| |
| |
| |
De houding ten opzichte van gesplitste voornaamwoordelijke bijwoorden
F. Jansen (Utrecht)
1. Aanleiding
In plaats van
(1) | Daar is Cruyff inmiddels veel te oud voor geworden. |
kunnen we ook schrijven
(1a) | Daarvoor is Cruyff inmiddels veel te oud geworden. |
In (1) zijn daar en voor twee woorden, die zo ver als maar kan uit elkaar staan. In (1a) maken dezelfde vormen deel uit van één woord. Wat geldt als beter standaard Nederlands, de gesplitste (1), of de ongesplitste (1a) variant? Haeseryn (1989: 15) behandelt enkele gevallen, kiest zelf voorzichtig voor de ongesplitste variant, maar deinst terug voor het maken van een definitieve keuze. Vandaar dat hij ervoor pleit om meer gegevens te ontlokken: ‘Ik doe in de eerste plaats heel nadrukkelijk een beroep op moedertaalsprekers om te reageren’.

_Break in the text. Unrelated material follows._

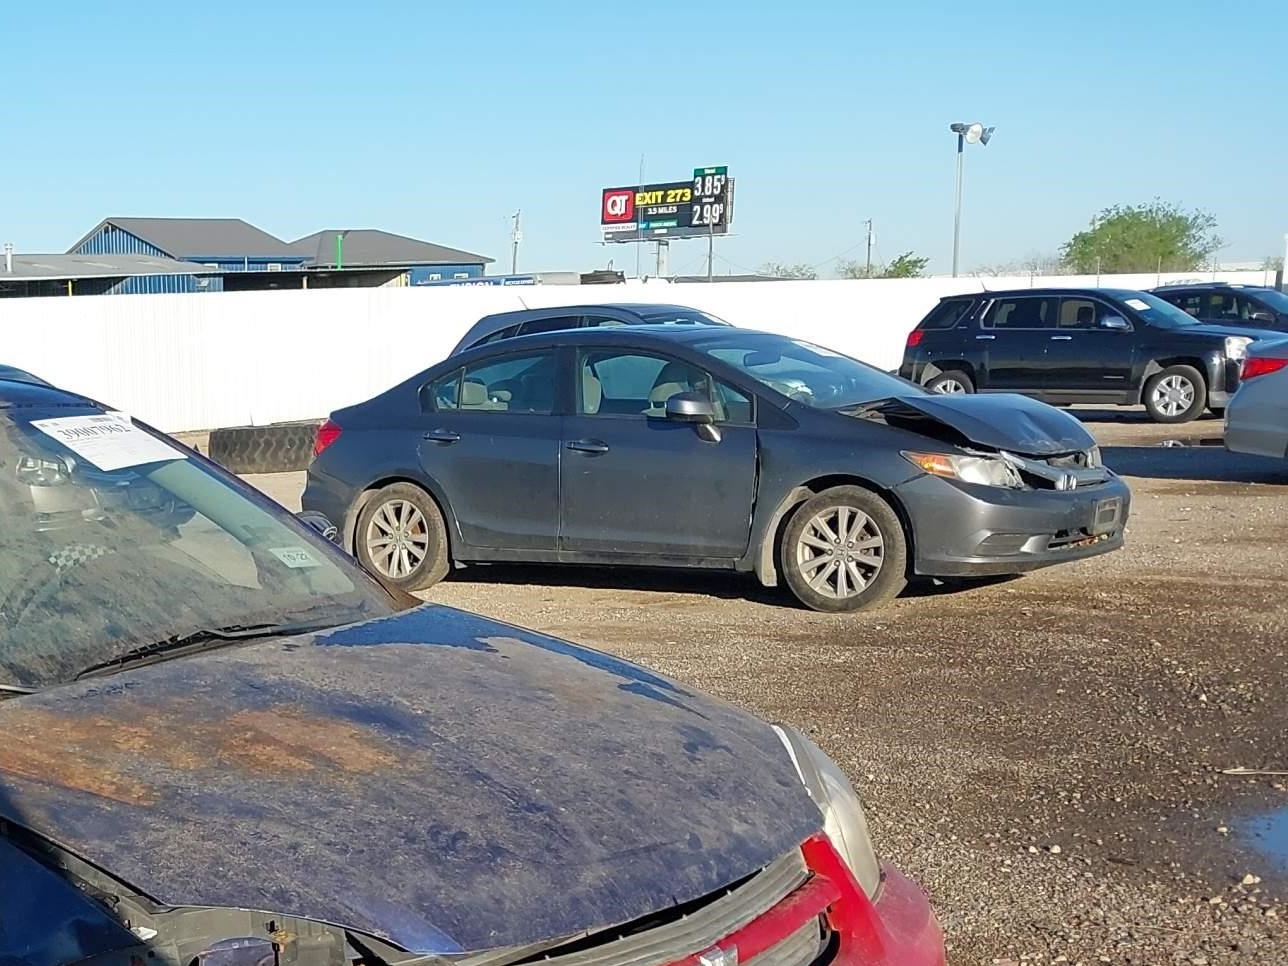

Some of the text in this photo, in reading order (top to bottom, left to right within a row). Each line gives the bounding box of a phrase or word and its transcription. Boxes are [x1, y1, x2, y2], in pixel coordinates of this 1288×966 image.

Ik voelde me onmiddellijk aangesproken. Het toeval wilde namelijk dat het jaar daarvoor, in het kader van een werkgroep onder mijn leiding, drie nota's waren geschreven waarin verslag gedaan wordt van empirisch onderzoek naar de houding van standaardtaalsprekers ten opzichte van de splitsing (1). Omdat de resultaten van deze deelonderzoekjes globaal in dezelfde richting wijzen, is het misschien nuttig om enkele gegevens een ruimere bekendheid te geven.
Eerst zal ik kort ingaan op de achtergrond van dit onderzoek (2), vervolgens geef ik de opzet en werkwijze (3), daarop volgen de resultaten (4) en het besluit (5).
| |
2. Achtergrond
Een kenmerk van een standaardtaal is dat iemand die verzorgde schrijftaalzinnen wil schrijven, geacht wordt zich aan allerhande voorschriften te houden. Zulke voorschriften zijn te vinden in taaladviesboeken zoals Renkema's Schrijfwijzer en Overduins Rapporteren, en in de werken van oudere taalverzorgers. De essentie van die voorschriften is, dat ze de uitbundige variatie die in de spreektaal voorkomt, beperken. Maar taalverzorgers snoeien het struweel der varianten niet in het wilde weg. Wie hun voorschriften analyseert, merkt dat ze uitgaan van een beperkt aantal - meestal onuitgesproken - stelregels. Een daarvan is de ‘stelregel van de continuïteit’, waarvan in (2) een formulering wordt gegeven:
(2) | Stelregel der continuïteit |
Als in een taal variatie bestaat, doordat een vormbetekeniscomplex als een continuë vorm A voorkomt en daarnaast als twee (of meer) discontinuë vormen B en C, geef dan in de verzorgde standaardtaal de voorkeur aan de continuë vorm A.
| |
| |
De werkzaamheid van (2) kan worden geïllustreerd aan de hand van een tweetal voorbeelden. Het eerste ontleen ik aan de Nederlandse spelling. Een van Renkema's adviezen is: ‘Kies in twijfelgevallen voor “aaneenschrijven” in plaats van “koppelteken”, en voor “koppelteken” in plaats van “spatie”’ (Renkema 1979: 147). De strekking van dit advies is, dat we elementen die we als woorden en als woorddelen kunnen beschouwen, in de verzorgde schrijftaal moeten aaneenschrijven, dus alleen als onderdelen van een samenstelling mogen zien. Het tweede voorbeeld komt uit de zinsbouw. Een advies van Overduin (1986: 254) is: ‘Bij scheidbaar samengestelde werkwoorden is een grote afstand tussen voorzetsel en werkwoord stilistisch onaantrekkelijk’. Bijgevolg is... moeten gaan nakijken eleganter dan... na moeten gaan kijken. Met andere woorden, als we in taal de delen van een woord (of beter: lemma) direct naast elkaar kunnen zetten, dan moeten we dat doen in de verzorgde schrijftaal.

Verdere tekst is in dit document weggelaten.